_DATA IN THIS EXERCISE_:
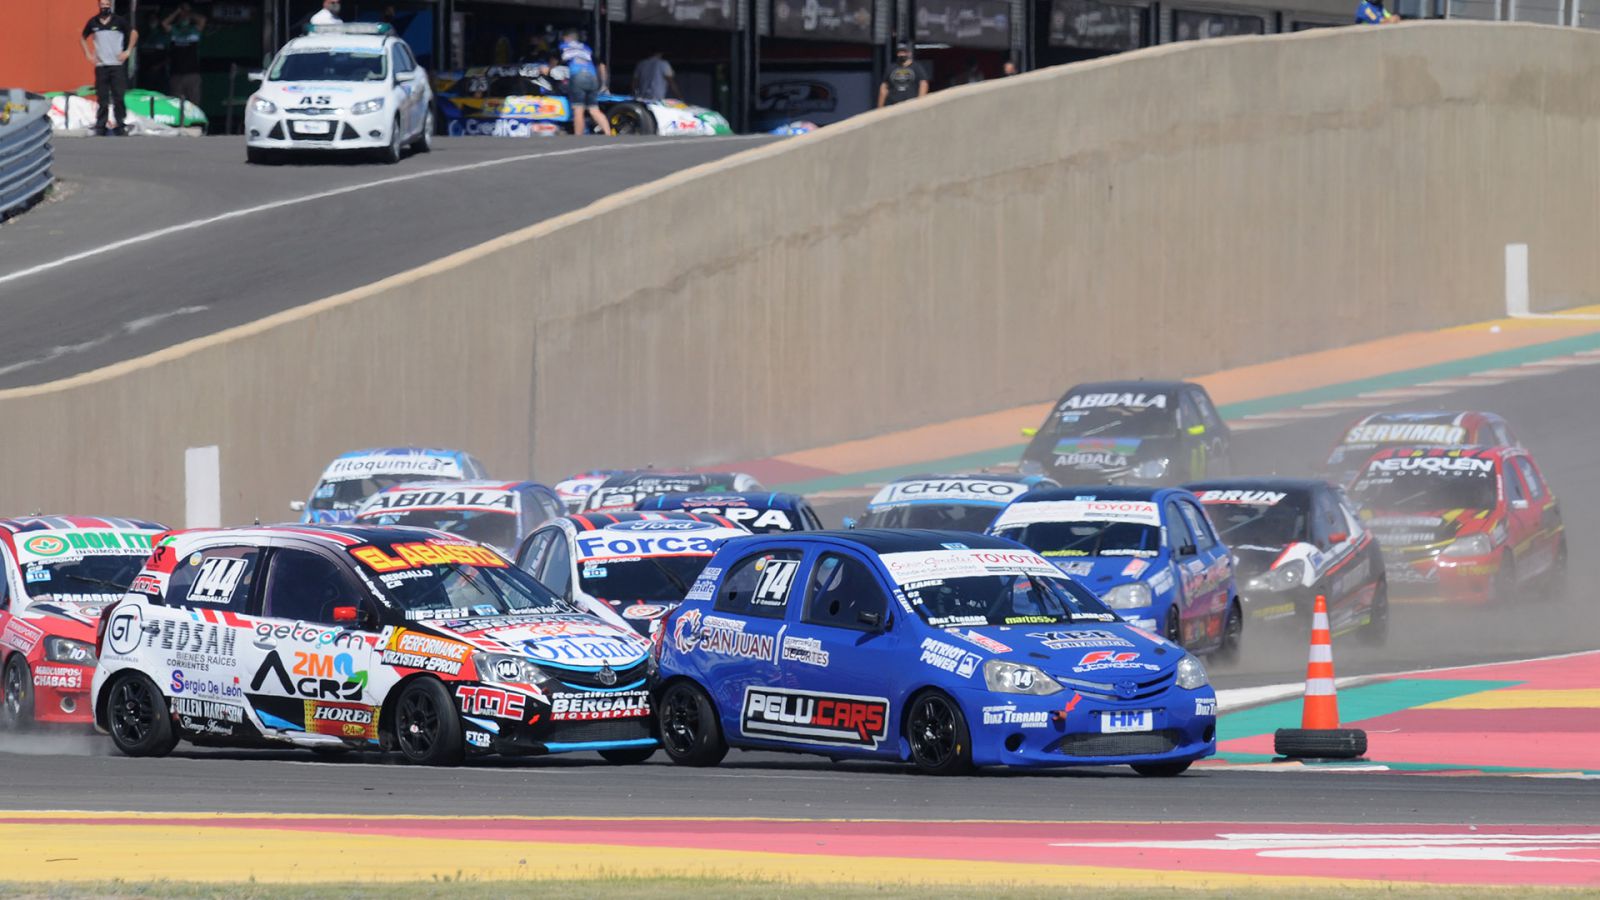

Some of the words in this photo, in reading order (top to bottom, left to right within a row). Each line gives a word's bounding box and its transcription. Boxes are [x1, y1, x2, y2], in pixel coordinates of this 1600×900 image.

[1059, 392, 1167, 411] ABDALA
[1054, 453, 1127, 467] ABDALA
[901, 482, 1014, 496] CHACO
[1200, 490, 1287, 502] BRUN
[368, 491, 513, 508] ABDALA
[1087, 503, 1153, 511] TOYOTA
[631, 520, 693, 529] Ford
[66, 533, 121, 549] DON
[971, 553, 1049, 566] TOYOTA
[194, 560, 244, 596] 144
[379, 569, 434, 583] BERGALLO
[757, 562, 797, 600] 14
[256, 619, 364, 650] getcom
[69, 648, 86, 660] 10
[399, 634, 468, 659] PERFORMANCE
[920, 637, 967, 660] PATRIOT
[176, 652, 204, 663] BIENES
[293, 651, 333, 678] 2M
[920, 650, 958, 672] POWER
[499, 662, 518, 676] 144
[170, 670, 206, 694] Sergio
[208, 680, 219, 693] De
[1013, 671, 1033, 687] 14
[456, 686, 526, 720] TMC
[314, 707, 372, 724] HOREB
[1005, 710, 1048, 723] TERRADO
[1110, 712, 1144, 727] HM

_EXERCISE PROMPT_:
Pass over the images and copy the rest of the material above exactly.

_YOUR RESPONSE_:
Some of the words in this photo, in reading order (top to bottom, left to right within a row). Each line gives a word's bounding box and its transcription. Boxes are [x1, y1, x2, y2], in pixel coordinates of this 1600×900 image.

[1059, 392, 1167, 411] ABDALA
[1054, 453, 1127, 467] ABDALA
[901, 482, 1014, 496] CHACO
[1200, 490, 1287, 502] BRUN
[368, 491, 513, 508] ABDALA
[1087, 503, 1153, 511] TOYOTA
[631, 520, 693, 529] Ford
[66, 533, 121, 549] DON
[971, 553, 1049, 566] TOYOTA
[194, 560, 244, 596] 144
[379, 569, 434, 583] BERGALLO
[757, 562, 797, 600] 14
[256, 619, 364, 650] getcom
[69, 648, 86, 660] 10
[399, 634, 468, 659] PERFORMANCE
[920, 637, 967, 660] PATRIOT
[176, 652, 204, 663] BIENES
[293, 651, 333, 678] 2M
[920, 650, 958, 672] POWER
[499, 662, 518, 676] 144
[170, 670, 206, 694] Sergio
[208, 680, 219, 693] De
[1013, 671, 1033, 687] 14
[456, 686, 526, 720] TMC
[314, 707, 372, 724] HOREB
[1005, 710, 1048, 723] TERRADO
[1110, 712, 1144, 727] HM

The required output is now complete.